Extracted data START
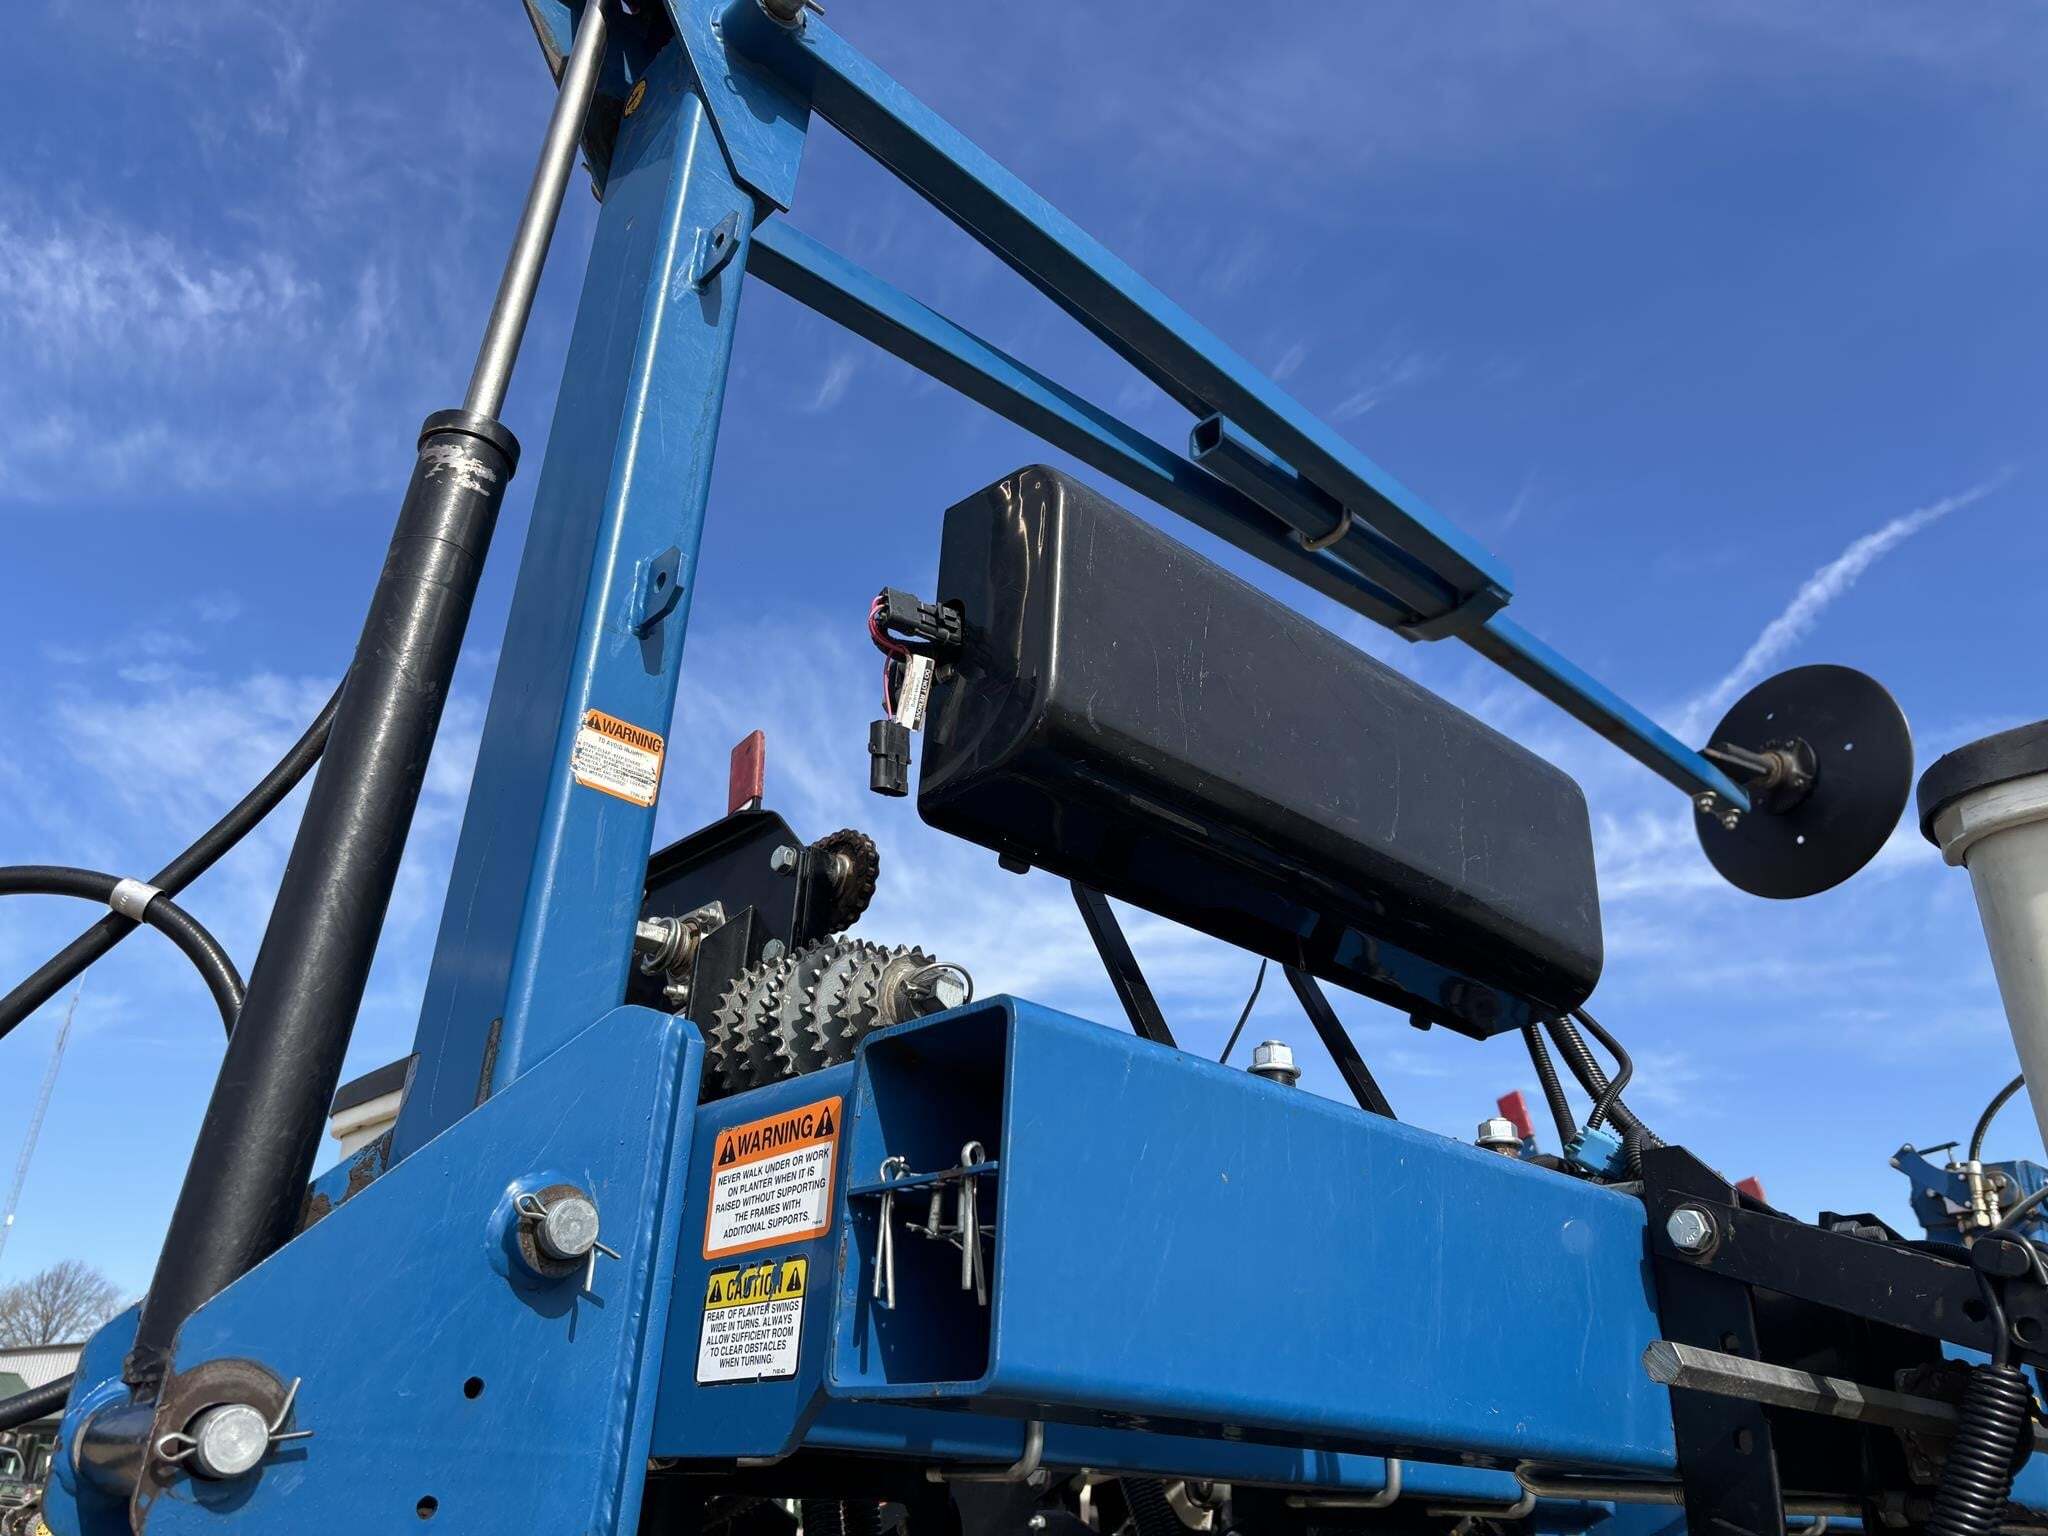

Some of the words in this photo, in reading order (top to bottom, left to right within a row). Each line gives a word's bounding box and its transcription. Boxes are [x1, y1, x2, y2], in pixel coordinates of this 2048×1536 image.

[924, 669, 931, 679] DO
[602, 718, 661, 752] WARNING
[738, 1114, 813, 1157] WARNING
[718, 1172, 741, 1187] NEVER
[742, 1166, 763, 1180] WALK
[765, 1160, 790, 1175] UNDER
[792, 1155, 803, 1165] OR
[805, 1148, 829, 1163] WORK
[727, 1186, 738, 1197] ON
[740, 1178, 772, 1195] PLANTER
[774, 1171, 796, 1184] WHEN
[798, 1168, 805, 1179] IT
[807, 1166, 815, 1176] IS
[715, 1200, 741, 1214] RAISED
[742, 1191, 774, 1207] WITHOUT
[776, 1178, 826, 1199] SUPPORTING
[735, 1211, 748, 1222] THE
[750, 1203, 780, 1219] FRAMES
[782, 1199, 801, 1211] WITH
[723, 1221, 766, 1239] ADDITIONAL
[767, 1211, 809, 1229] SUPPORTS.
[706, 1311, 724, 1322] REAR
[727, 1309, 737, 1319] OF
[738, 1304, 770, 1318] PLANTER
[771, 1301, 799, 1314] SWINGS
[710, 1322, 727, 1333] WIDE
[728, 1321, 735, 1331] IN
[737, 1318, 760, 1330] TURNS.
[762, 1314, 792, 1327] ALWAYS
[706, 1334, 729, 1346] ALLOW
[731, 1329, 770, 1343] SUFFICIENT
[771, 1326, 794, 1338] ROOM
[710, 1347, 719, 1357] TO
[720, 1345, 743, 1356] CLEAR
[744, 1340, 787, 1354] OBSTACLES
[719, 1357, 739, 1368] WHEN
[740, 1354, 773, 1367] TURNING.
Extracted data END
Return the material above in exact form. Pictures stay out.

## Problem solution
Some of the words in this photo, in reading order (top to bottom, left to right within a row). Each line gives a word's bounding box and its transcription. Boxes are [x1, y1, x2, y2], in pixel coordinates of this 2048×1536 image.

[924, 669, 931, 679] DO
[602, 718, 661, 752] WARNING
[738, 1114, 813, 1157] WARNING
[718, 1172, 741, 1187] NEVER
[742, 1166, 763, 1180] WALK
[765, 1160, 790, 1175] UNDER
[792, 1155, 803, 1165] OR
[805, 1148, 829, 1163] WORK
[727, 1186, 738, 1197] ON
[740, 1178, 772, 1195] PLANTER
[774, 1171, 796, 1184] WHEN
[798, 1168, 805, 1179] IT
[807, 1166, 815, 1176] IS
[715, 1200, 741, 1214] RAISED
[742, 1191, 774, 1207] WITHOUT
[776, 1178, 826, 1199] SUPPORTING
[735, 1211, 748, 1222] THE
[750, 1203, 780, 1219] FRAMES
[782, 1199, 801, 1211] WITH
[723, 1221, 766, 1239] ADDITIONAL
[767, 1211, 809, 1229] SUPPORTS.
[706, 1311, 724, 1322] REAR
[727, 1309, 737, 1319] OF
[738, 1304, 770, 1318] PLANTER
[771, 1301, 799, 1314] SWINGS
[710, 1322, 727, 1333] WIDE
[728, 1321, 735, 1331] IN
[737, 1318, 760, 1330] TURNS.
[762, 1314, 792, 1327] ALWAYS
[706, 1334, 729, 1346] ALLOW
[731, 1329, 770, 1343] SUFFICIENT
[771, 1326, 794, 1338] ROOM
[710, 1347, 719, 1357] TO
[720, 1345, 743, 1356] CLEAR
[744, 1340, 787, 1354] OBSTACLES
[719, 1357, 739, 1368] WHEN
[740, 1354, 773, 1367] TURNING.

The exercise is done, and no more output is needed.